Testing the Uniform Distribution Hypothesis.

With the help of which many real processes are simulated. And the most common example is the public transport schedule. Suppose a certain bus (trolley / tram) runs at intervals of 10 minutes, and at a random moment in time you come to a stop. What is the probability that the bus will arrive within 1 minute? Obviously 1 / 10th. And the likelihood that you have to wait 4-5 minutes? Too . And the likelihood that the bus will have to wait more than 9 minutes? One tenth!

Consider some finite interval, let it be a segment for definiteness.
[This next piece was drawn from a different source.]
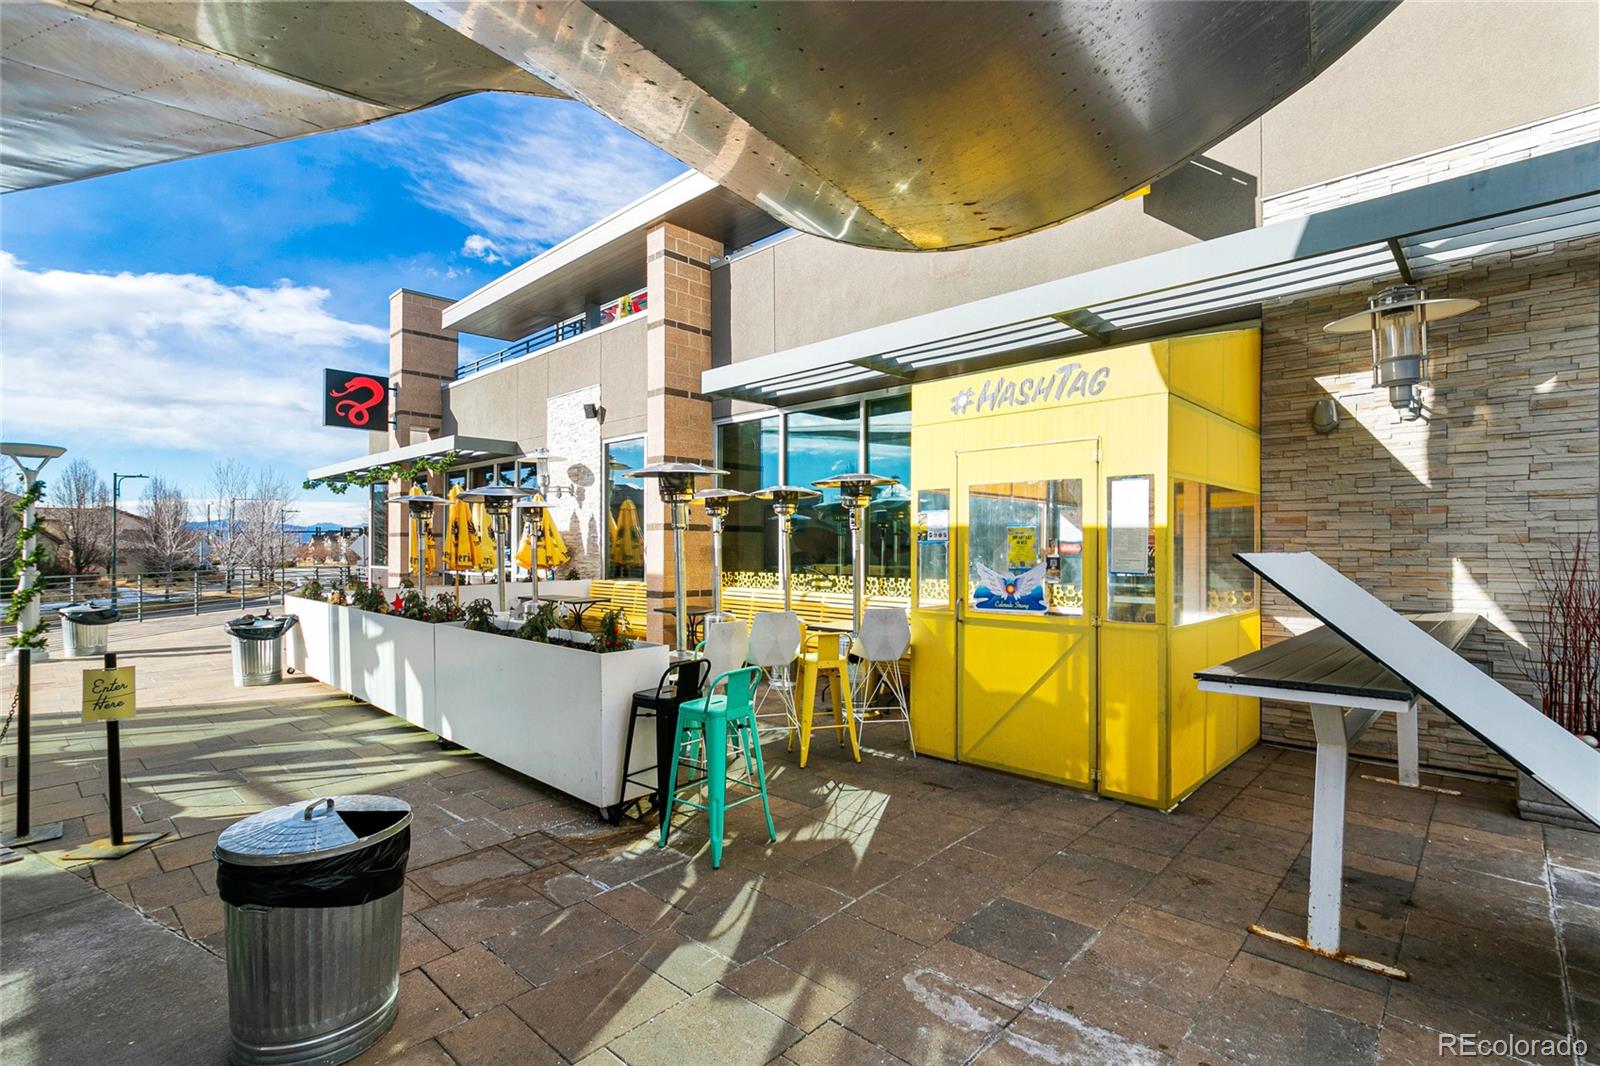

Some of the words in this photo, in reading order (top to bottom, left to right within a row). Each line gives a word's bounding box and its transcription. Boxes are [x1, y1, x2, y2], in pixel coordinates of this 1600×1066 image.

[950, 362, 1111, 415] #HASHTAG
[91, 678, 128, 694] Enter
[92, 693, 125, 711] Here
If random value possesses permanent density of probability distribution on a given segment and zero density outside it, then they say that it is distributed evenly... In this case, the density function will be strictly defined:

Indeed, if the length of the segment (see drawing) is, then the value is inevitably equal - so that the unit area of ​​the rectangle is obtained, and known property:


Let's check it formally:
, h.t. From a probabilistic point of view, this means that the random variable authentically will take one of the meanings of the segment ..., eh, I am slowly becoming a boring old man =)

The essence of uniformity is that no matter what the inner gap fixed length we have not considered (remember the "bus" minutes)- the probability that a random variable will take a value from this interval will be the same. In the drawing, I shaded a C of such probabilities - once again I emphasize that they are defined by areas rather than function values!
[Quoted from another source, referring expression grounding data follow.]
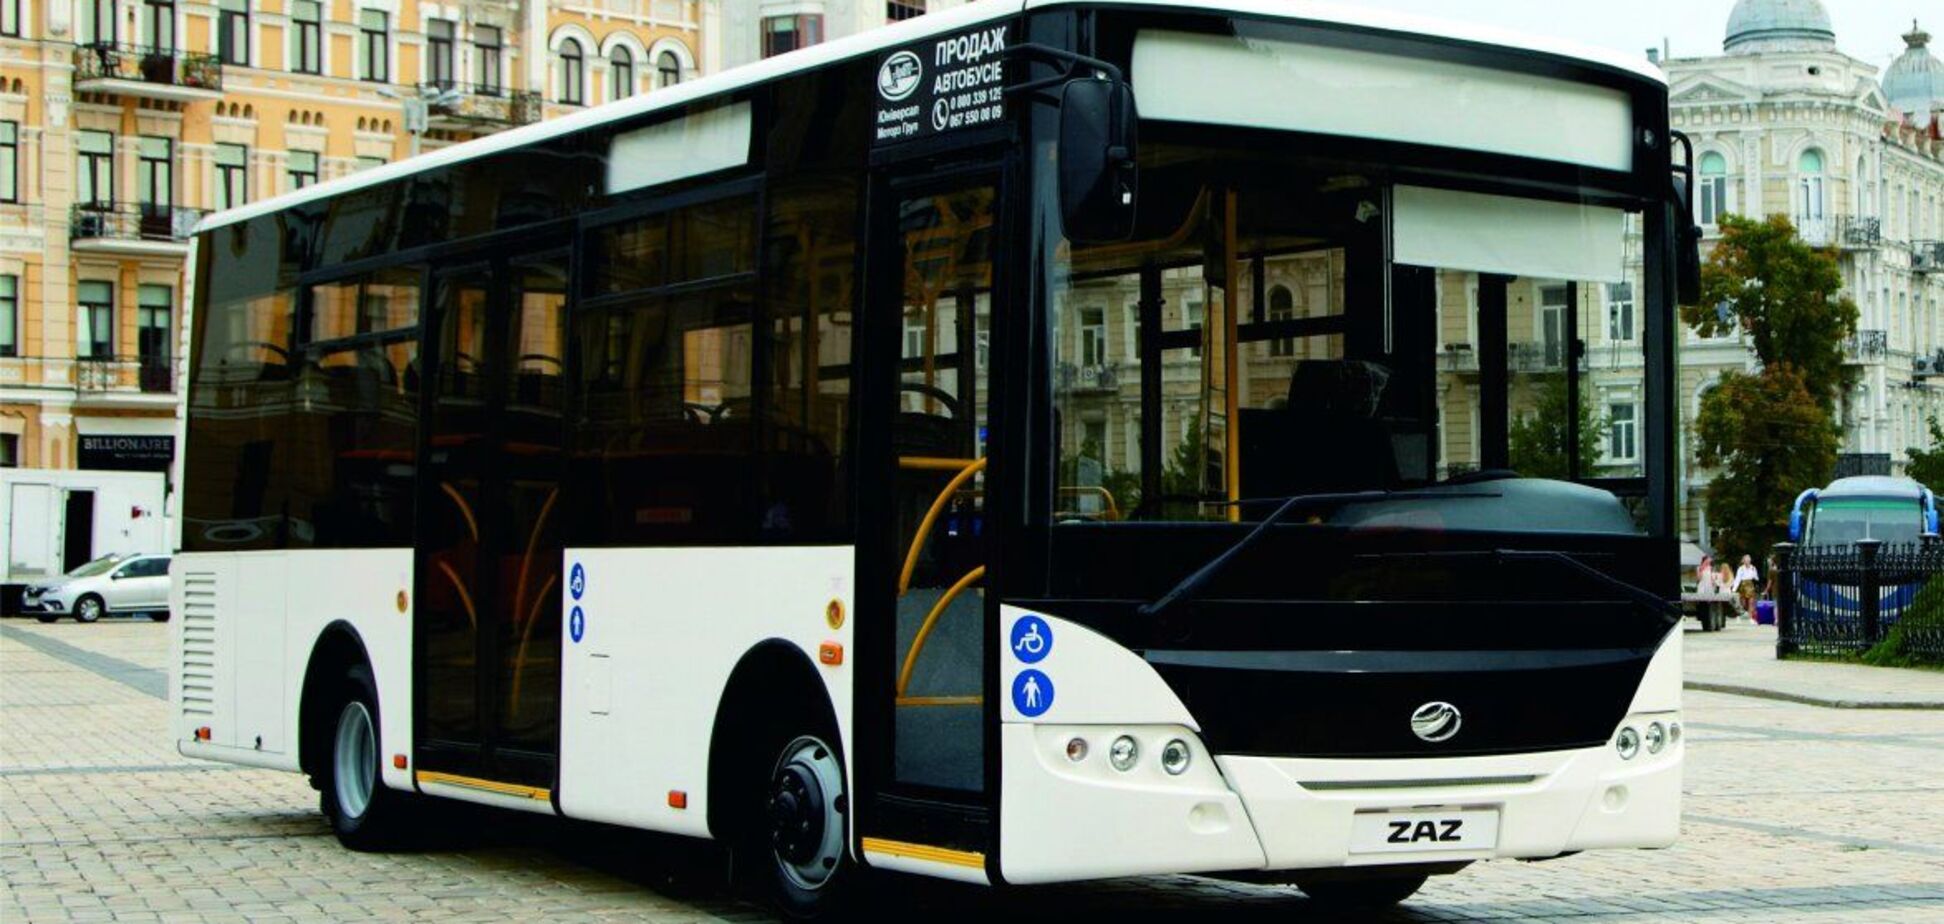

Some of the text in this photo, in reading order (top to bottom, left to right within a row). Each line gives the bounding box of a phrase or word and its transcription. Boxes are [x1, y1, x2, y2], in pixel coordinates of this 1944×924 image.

[935, 26, 1006, 66] ПРОДАЖ
[950, 96, 956, 110] 0
[949, 112, 964, 128] 067
[965, 109, 979, 124] 550
[83, 438, 171, 450] BILLIONAIRE
[1387, 819, 1463, 844] ZAZ
Consider a typical assignment:

Example 1

A continuous random variable is given by its distribution density:

Find a constant, calculate and compose the distribution function. Build graphs. Find

In other words, everything you could dream of :)

Solution: since on the interval (finite interval) , then the random variable has even distribution, and the value "tse" can be found by the direct formula ... But it's better in a general way - using a property:

... why is it better? So that there are no unnecessary questions;)
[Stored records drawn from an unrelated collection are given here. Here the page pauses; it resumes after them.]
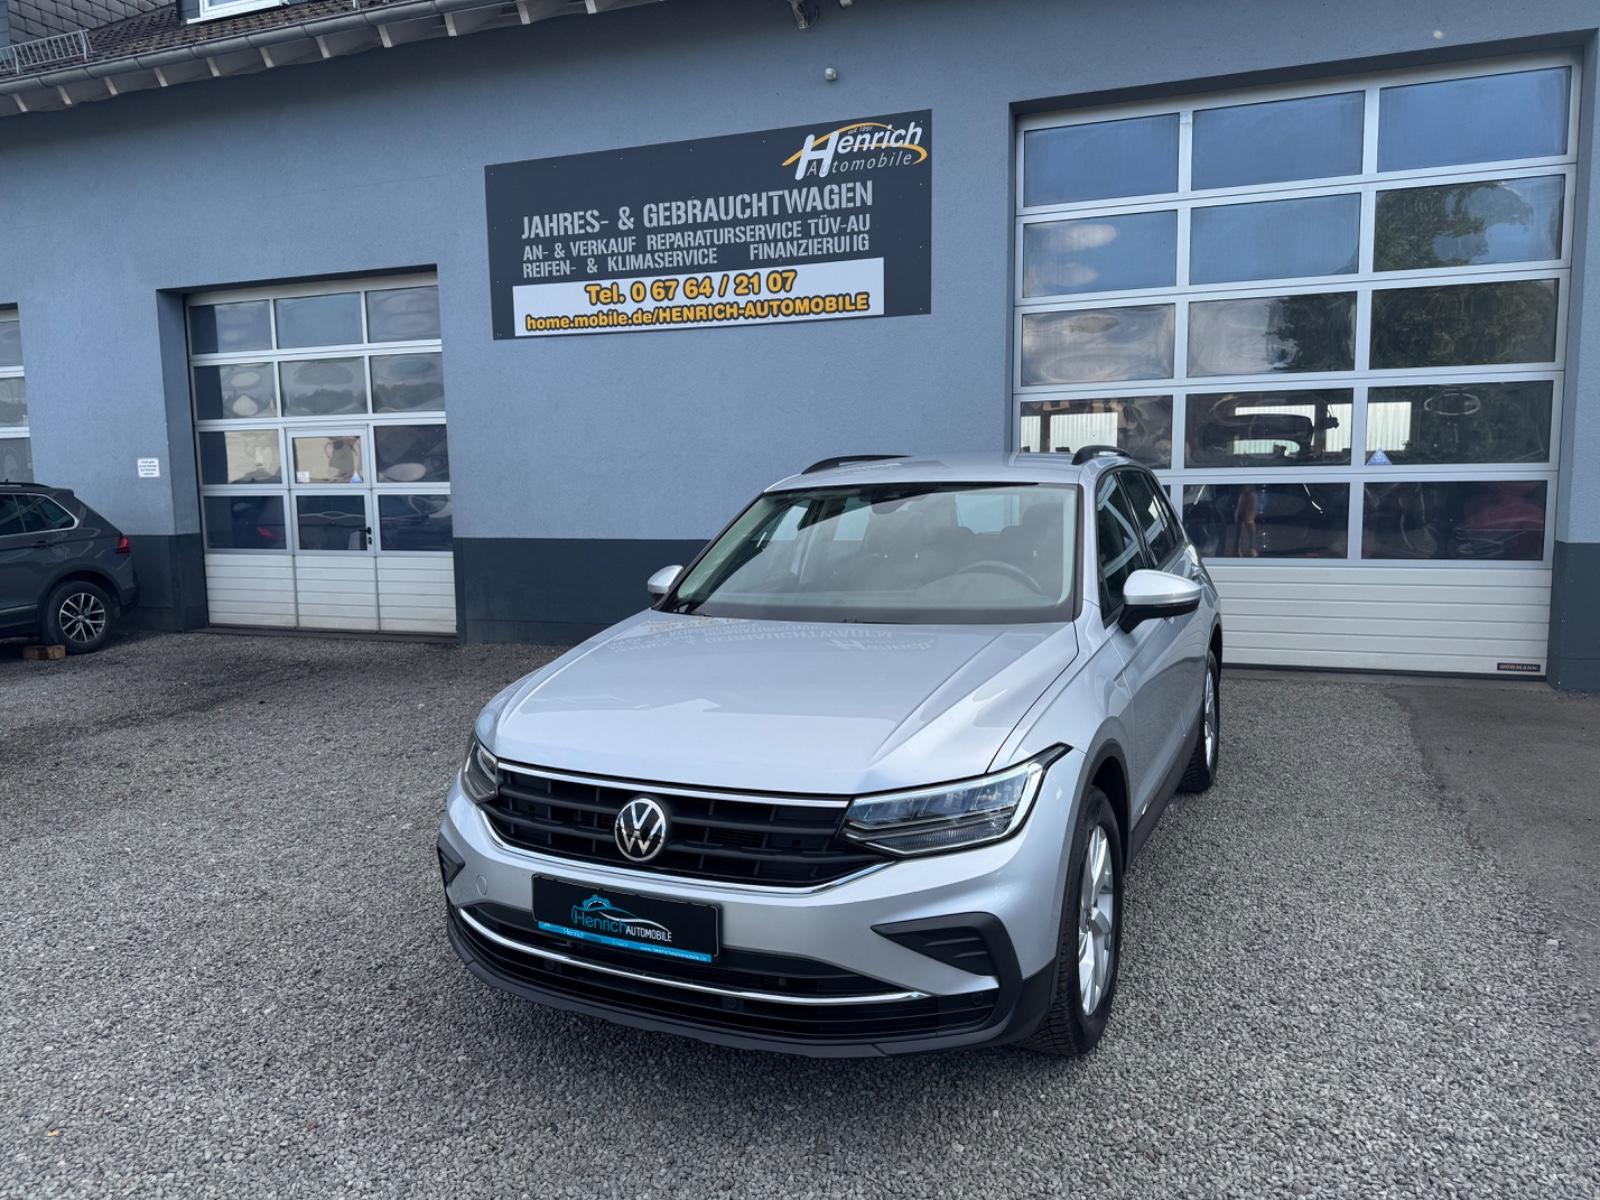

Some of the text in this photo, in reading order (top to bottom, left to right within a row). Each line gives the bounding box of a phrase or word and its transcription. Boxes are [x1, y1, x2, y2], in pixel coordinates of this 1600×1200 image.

[795, 121, 923, 180] Henrich
[521, 180, 873, 239] JAHRES- & GEBRAUCHTWAGEN
[523, 213, 871, 261] AN- & VERKAUF REPARATURSERVICE TÜV-AU
[523, 259, 577, 278] REIFEN-
[586, 257, 598, 274] &
[607, 248, 718, 272] KLIMASERVICE
[585, 268, 798, 306] Tel. 0 67 64 / 21 07
[525, 291, 871, 332] home.mobile.de/HENRICH-AUTOMOBILE
[615, 798, 667, 861] VW
[572, 906, 627, 934] Henrich
[625, 925, 673, 943] AUTOMOBILE
So the density function is:

Let's complete the drawing. The values impossible , and therefore the bold points are placed at the bottom:


As an express check, we calculate the area of ​​the rectangle:
, h.t.

We will find expected value, and, probably, you already guess what it is equal to. Remembering the "10-minute" bus: if randomly come to the bus stop for many, many days, save me, then average it will have to wait 5 minutes.

Yes, that's right - expectation should be exactly in the middle of the "event" interval:
as expected.

We calculate the variance by formula ... And here you need an eye and an eye when calculating the integral:

Thus, dispersion:

Let's compose distribution function ... Nothing new here:

1) if, then ;

2) if, then:

3) and, finally, for , therefore:

As a result:

Let's execute the drawing:


On the "live" interval, the distribution function is growing linearly, and this is another sign that we have a uniformly distributed random variable. Well, of course, because derivative linear function- is a constant.

The required probability can be calculated in two ways, using the found distribution function:

either with the help definite integral from density:

As you like.

And here you can also write answer: ,
, the graphs are built in the course of the solution.

... “you can” because there is usually no punishment for his absence. Usually;)

To calculate and uniform random variable there are special formulas that I suggest you derive yourself:

Example 2

A continuous random variable is given by the density .

Calculate expected value and variance. Simplify results as much as possible (abbreviated multiplication formulas to help).

It is convenient to use the obtained formulas for verification, in particular, check the problem just solved by substituting specific values ​​"a" and "b" in them. Short solution at the bottom of the page.

And at the end of the lesson, we will analyze a couple of "word" problems:

Example 3

Scale division measuring instrument is equal to 0.2. Instrument readings are rounded to the nearest whole division. Assuming that the rounding errors are uniformly distributed, find the probability that at the next measurement it will not exceed 0.04.

For better understanding solutions Let's imagine that this is some kind of mechanical device with an arrow, for example, a scale with a graduation of 0.2 kg, and we have to weigh a pig in a bag. But not in order to find out his fatness - now it will be important WHERE the arrow stops between two adjacent divisions.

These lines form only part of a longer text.